Sonoma County announces 2 new coronavirus cases as Mendocino, Lake and Napa counties plan shutdowns
Two more Sonoma County residents have contracted coronavirus, bringing the total known number of local cases to eight, as the scope of a strict Bay Area-wide shutdown expanded to cover Napa, Lake and Mendocino counties.
Mendocino County officials Wednesday confirmed the first case of COVID-19 had been detected there, triggering the public health officer to order residents to stay home and all but essential businesses to cease operations starting at 10 p.m. and lasting through April 7.
Similar community isolation orders go into effect in Lake County at 12:01 a.m. Thursday and 12:01 a.m. Friday in Napa County, directives made by public health officers in those counties, although officials said no local cases of the virus have been confirmed yet.
Public life and commerce came to a near halt for about a half a million residents of Sonoma County who woke up Wednesday to the new directive that left city centers and town plazas all but deserted. By the end of the week, nearly 800,000 residents in four North Coast counties will be under orders to stay home because of unprecedented public health policies designed to slow the spread of the coronavirus and avoid overwhelming hospitals.
'We want to tell the community to abide by the health officer's order to shelter in place and only leave their homes for essential activities to work in essential businesses,' Dr Sundari Mase, Sonoma County's interim public health officer, said in an interview Wednesday.
The newest cases in Sonoma County were detected through the county's surveillance program, set up last week to quickly determine whether the virus was spreading within the community by broadening the criteria for testing for the disease at four undisclosed hospitals, clinics and urgent care centers.

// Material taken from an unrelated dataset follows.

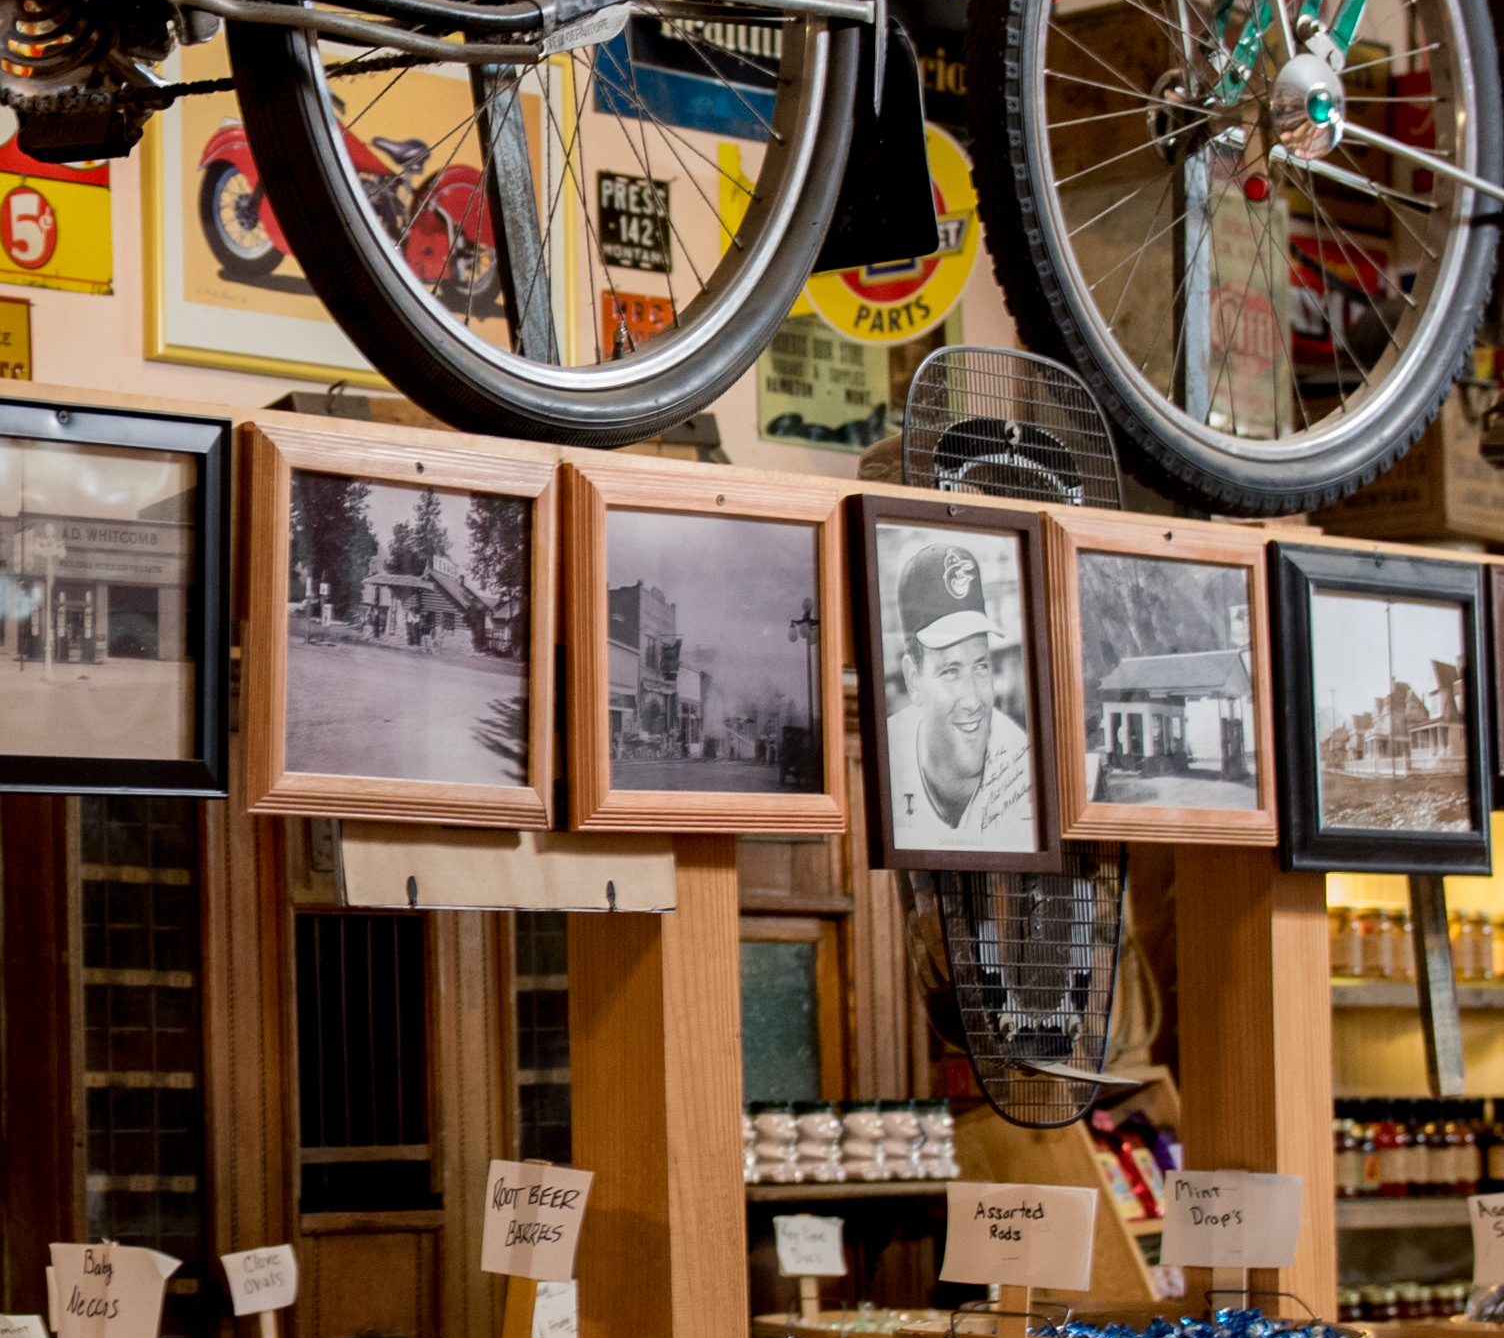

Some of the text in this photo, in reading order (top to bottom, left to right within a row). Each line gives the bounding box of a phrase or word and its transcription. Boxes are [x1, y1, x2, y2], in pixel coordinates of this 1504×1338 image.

[601, 179, 668, 217] PRESS
[854, 295, 930, 334] PARTS
[528, 1186, 578, 1210] BEER

So far, the surveillance program has detected three cases out of 159 tests, according to Mase. Another three were detected through other testing.
The first two local residents to get sick had traveled on a Princess cruise ship to Mexico, where officials believe they contracted coronavirus.

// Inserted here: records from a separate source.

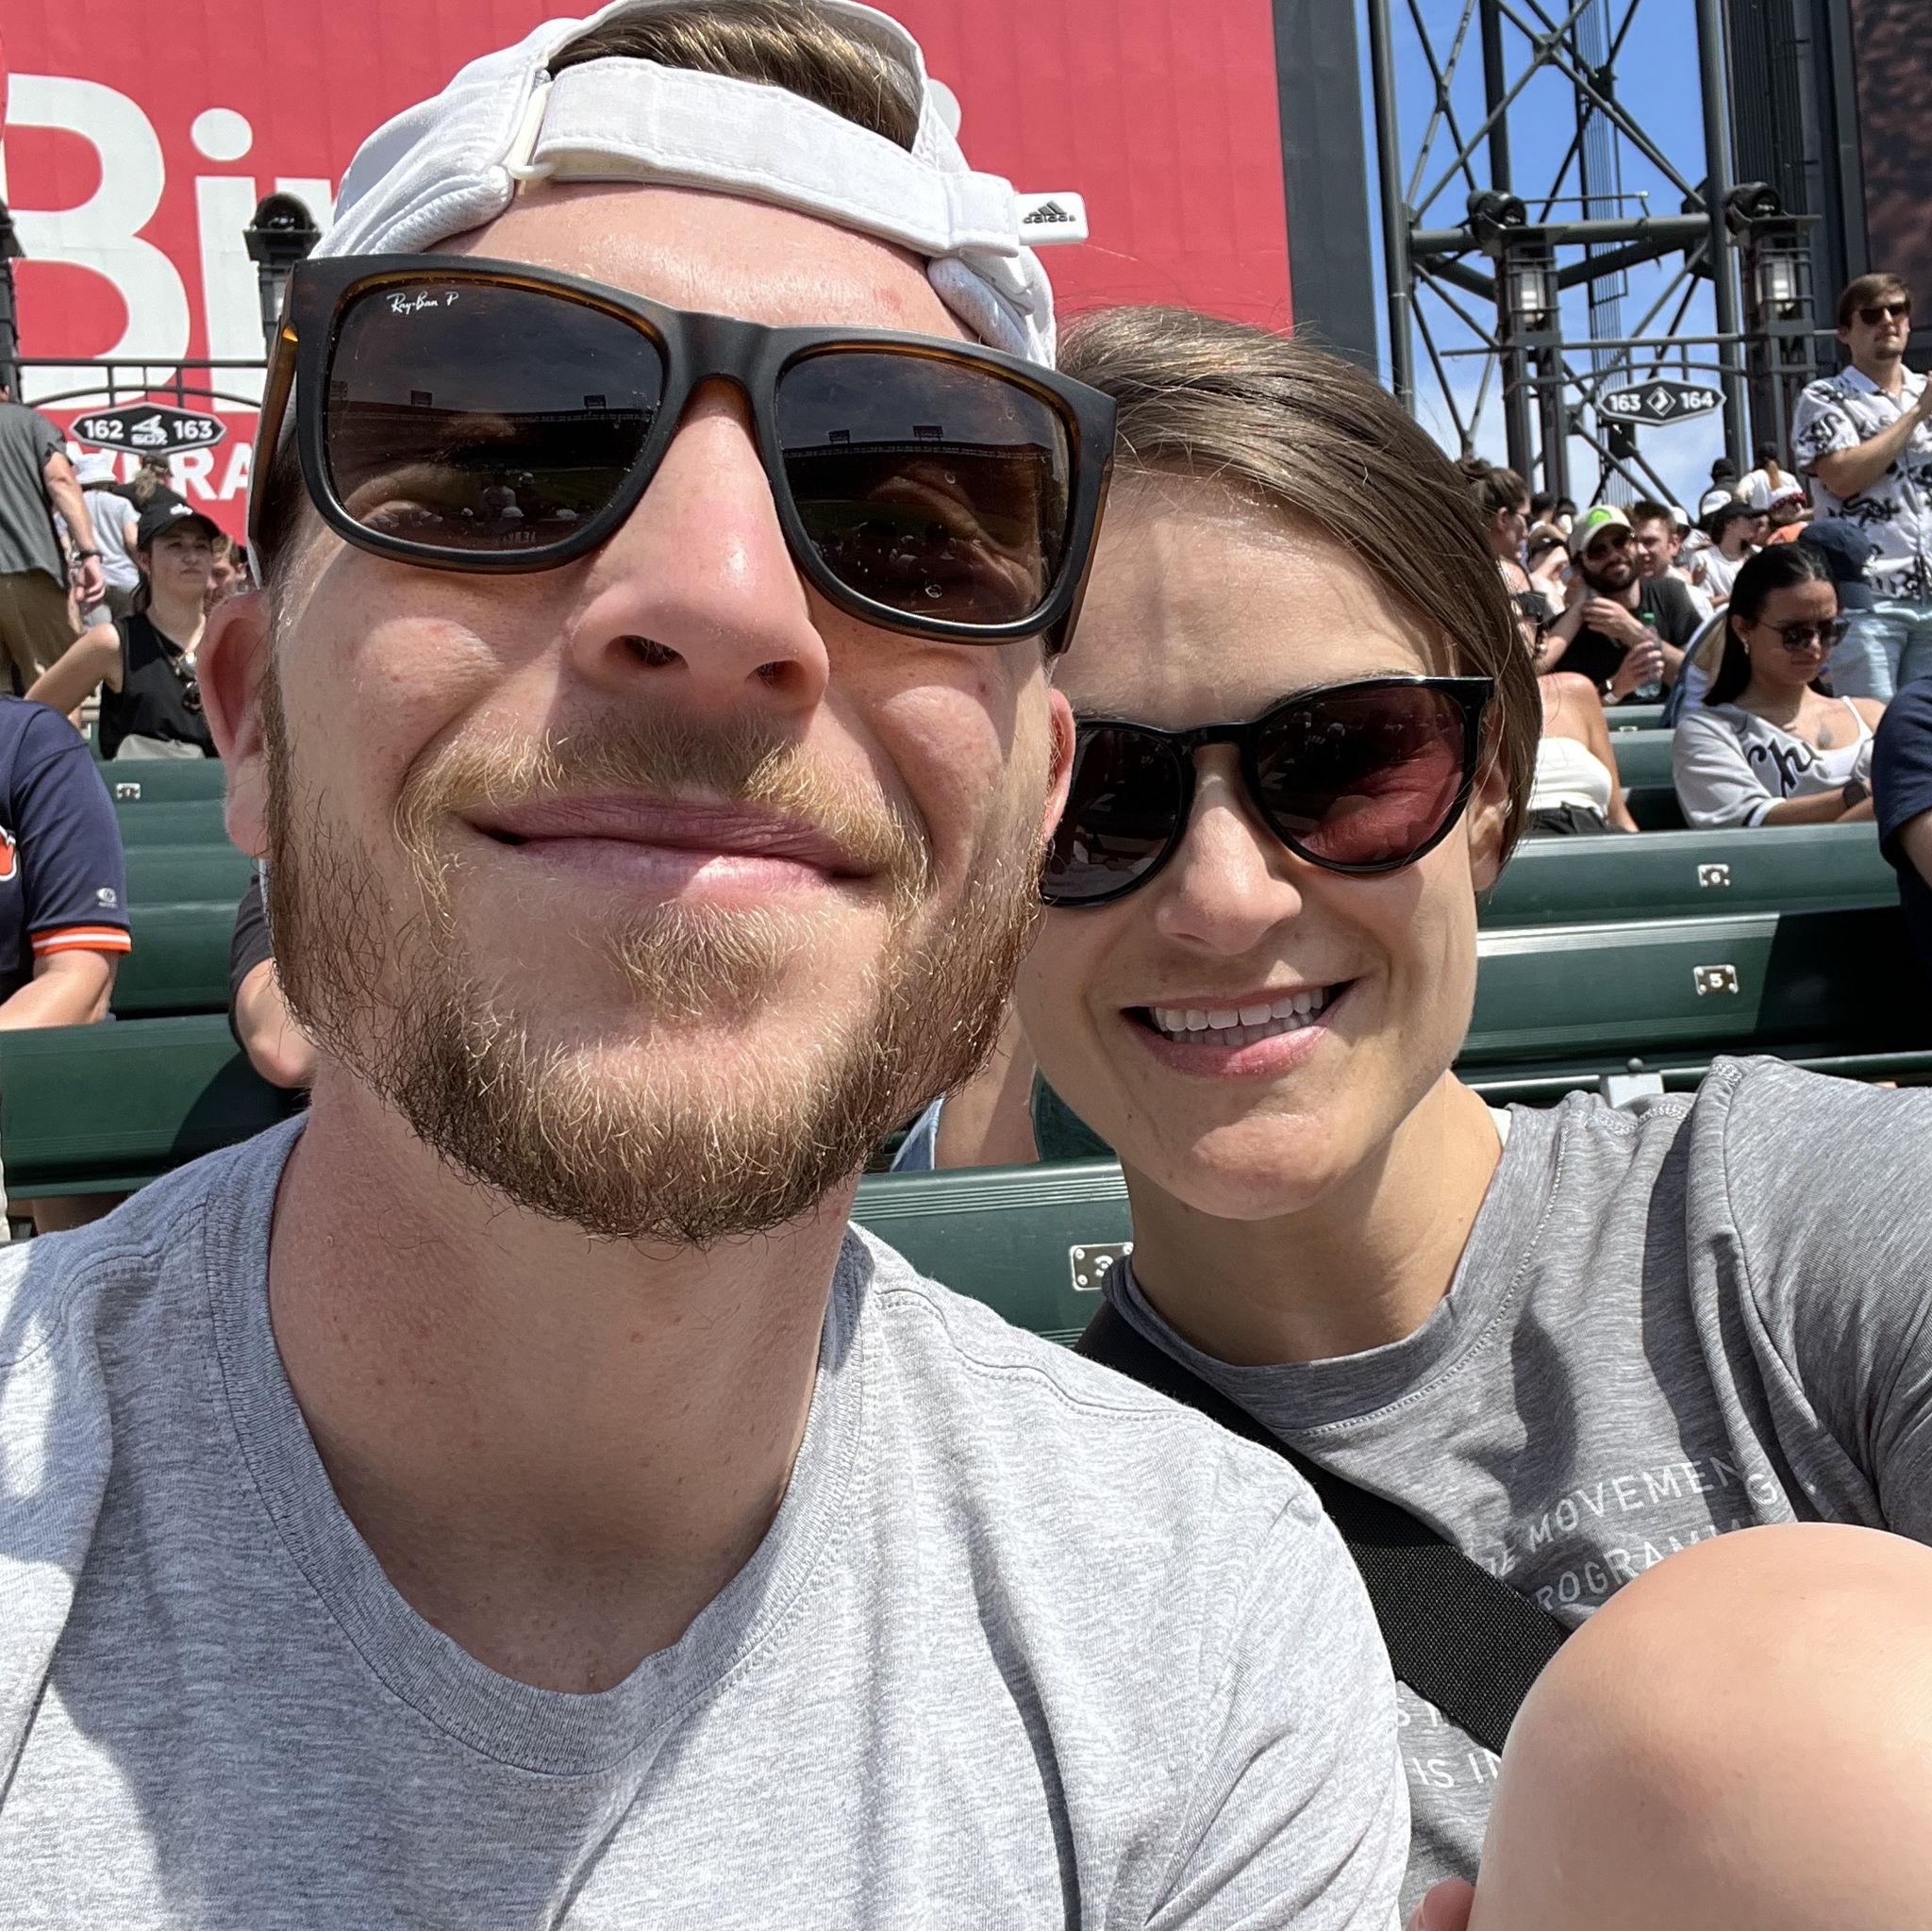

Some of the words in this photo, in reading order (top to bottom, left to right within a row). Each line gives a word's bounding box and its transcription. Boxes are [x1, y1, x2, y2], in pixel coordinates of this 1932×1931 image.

[386, 290, 439, 315] Ray-Ban
[445, 291, 459, 306] P
[1609, 394, 1641, 411] 163
[1680, 391, 1714, 409] 164
[83, 420, 125, 439] 162
[173, 421, 213, 440] 163
[1709, 973, 1724, 988] 5
[1529, 1452, 1740, 1553] MOVEMEN

At least three of the people who have tested positive are health care workers. They and one other patient were in isolation at home as of Monday. Beyond that, Sonoma County has refused to release even basic information about those who have tested positive, such as age, gender, the severity of any symptoms they may have or who may have come into contact with them. Mase and other government officials have cited privacy provisions of the federal Health Insurance Portability and Accountability Act, which requires the safeguarding of private health care information.
Mase said Sonoma County's public health lab has the capacity to run about 100 to 120 tests per day, which she believes is an adequate supply for the local population. A shortage of the type of swabs used to take samples from the noses and throats of people being tested has hampered testing at some facilities, a problem Mase said the county has been hard at work this week trying to address.
Kaiser Permanente said it would this week provide a shipment of swabs to some of the other health care facilities in Sonoma County that have run out of them, a temporary solution until the state fulfills the county's order for more swabs, Mase said.
'We need more swabs to test everyone we want to test,' Mase said.
The shortage of swabs could explain some of the anecdotal reports from people in the community who believe that testing should be more readily available. Shifting criteria for screening may also play a role.
The Centers for Disease Control and Prevention originally limited testing for people with certain flulike symptoms like a fever who had also either traveled internationally or been in contact with someone who had been abroad or people with confirmed cases of the disease.
March 4, as commercial testing became available, the CDC expanded the criteria and lifted health department approval, giving more agency to local doctors and clinicians to use their clinical judgment.
Still, some Sonoma County residents have been puzzled at what appears to be a reluctance of health care providers to test their patients for COVID-19, the disease caused by the novel coronavirus, including some of the 78 local cruise passengers on the Grand Princess who came home to learn an outbreak had been detected on the ship.
Others believe the virus has been spreading undetected for some time.
Rohnert Park resident Niko Aiello, 22, said he has been asking his primary care doctor at Kaiser to consider whether he contracted coronavirus after he succumbed to a respiratory illness about one week ago.
Aiello said he started feeling sick March 10 while he was on duty for his job at a local mental health care facility. It started with the onset of a fever and other symptoms including breathing difficulty he sought care at Kaiser Medical Center in Santa Rosa, Aiello said.